The pictures are to be dropped, and the records below are to be restated word for word.

------------------------------------------------------------

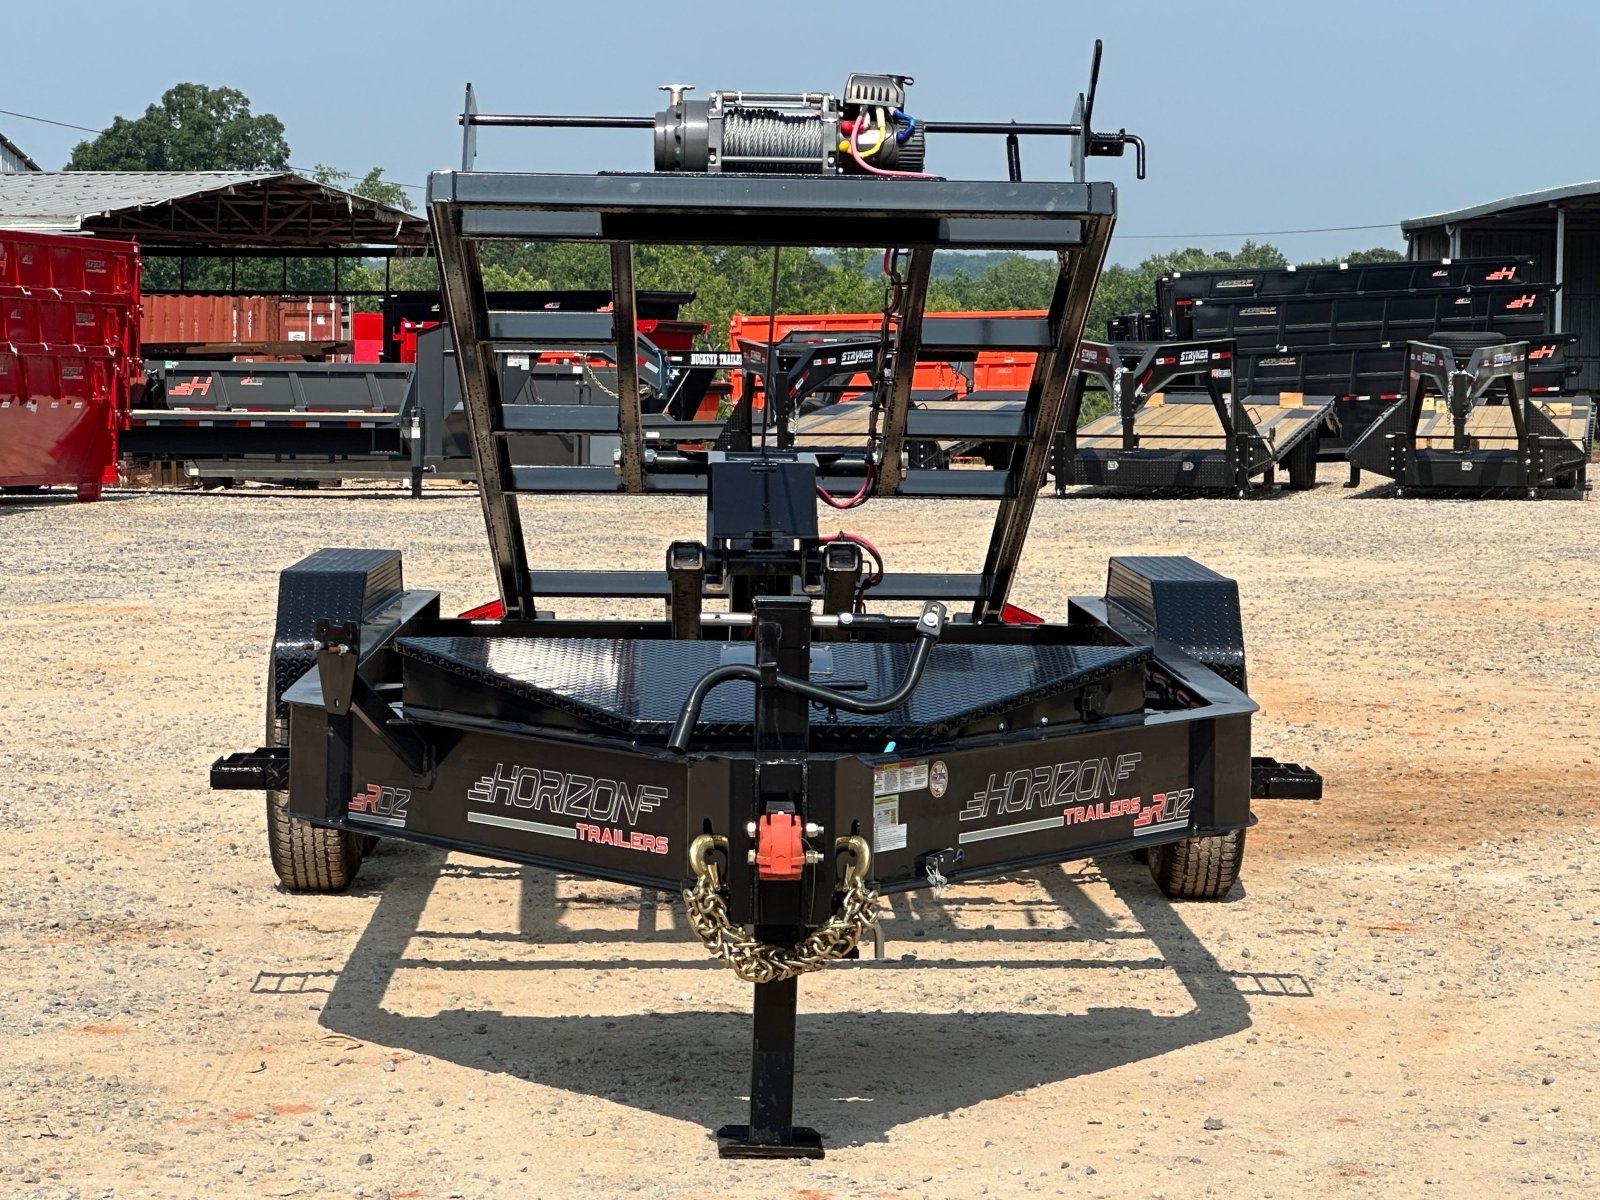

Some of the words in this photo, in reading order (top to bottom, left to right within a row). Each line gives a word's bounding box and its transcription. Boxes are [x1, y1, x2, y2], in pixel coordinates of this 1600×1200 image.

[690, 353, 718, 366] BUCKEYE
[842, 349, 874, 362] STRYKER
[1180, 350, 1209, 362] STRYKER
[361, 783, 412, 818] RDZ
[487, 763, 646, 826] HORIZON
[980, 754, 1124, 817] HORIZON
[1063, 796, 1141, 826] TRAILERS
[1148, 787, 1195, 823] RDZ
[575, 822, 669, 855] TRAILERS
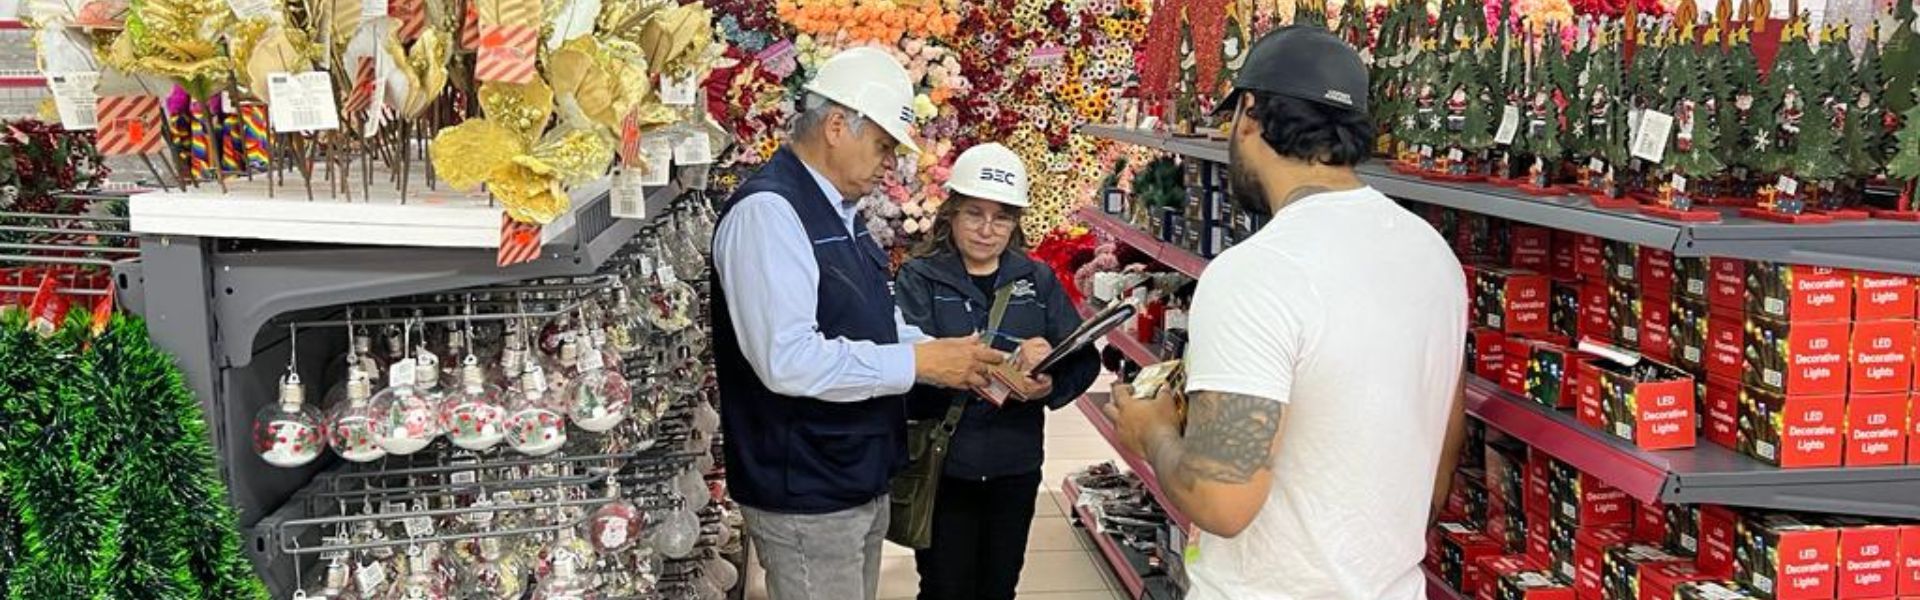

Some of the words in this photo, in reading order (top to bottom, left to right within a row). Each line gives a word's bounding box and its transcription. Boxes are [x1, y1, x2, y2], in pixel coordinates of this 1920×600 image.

------------------------------------------------------------

## SOLUTION TO THE EXERCISE
Some of the words in this photo, in reading order (top to bottom, left to right within a row). Each line gives a word's bounding box and its transcription. Boxes are [x1, y1, x2, y2], in pixel coordinates of this 1600×1200 image.

[690, 353, 718, 366] BUCKEYE
[842, 349, 874, 362] STRYKER
[1180, 350, 1209, 362] STRYKER
[361, 783, 412, 818] RDZ
[487, 763, 646, 826] HORIZON
[980, 754, 1124, 817] HORIZON
[1063, 796, 1141, 826] TRAILERS
[1148, 787, 1195, 823] RDZ
[575, 822, 669, 855] TRAILERS

Some of the words in this photo, in reading order (top to bottom, left to right within a row). Each line gives a word's bounding box and its transcription. Boxes are [x1, y1, x2, y2], in pixel coordinates of this 1920×600 image.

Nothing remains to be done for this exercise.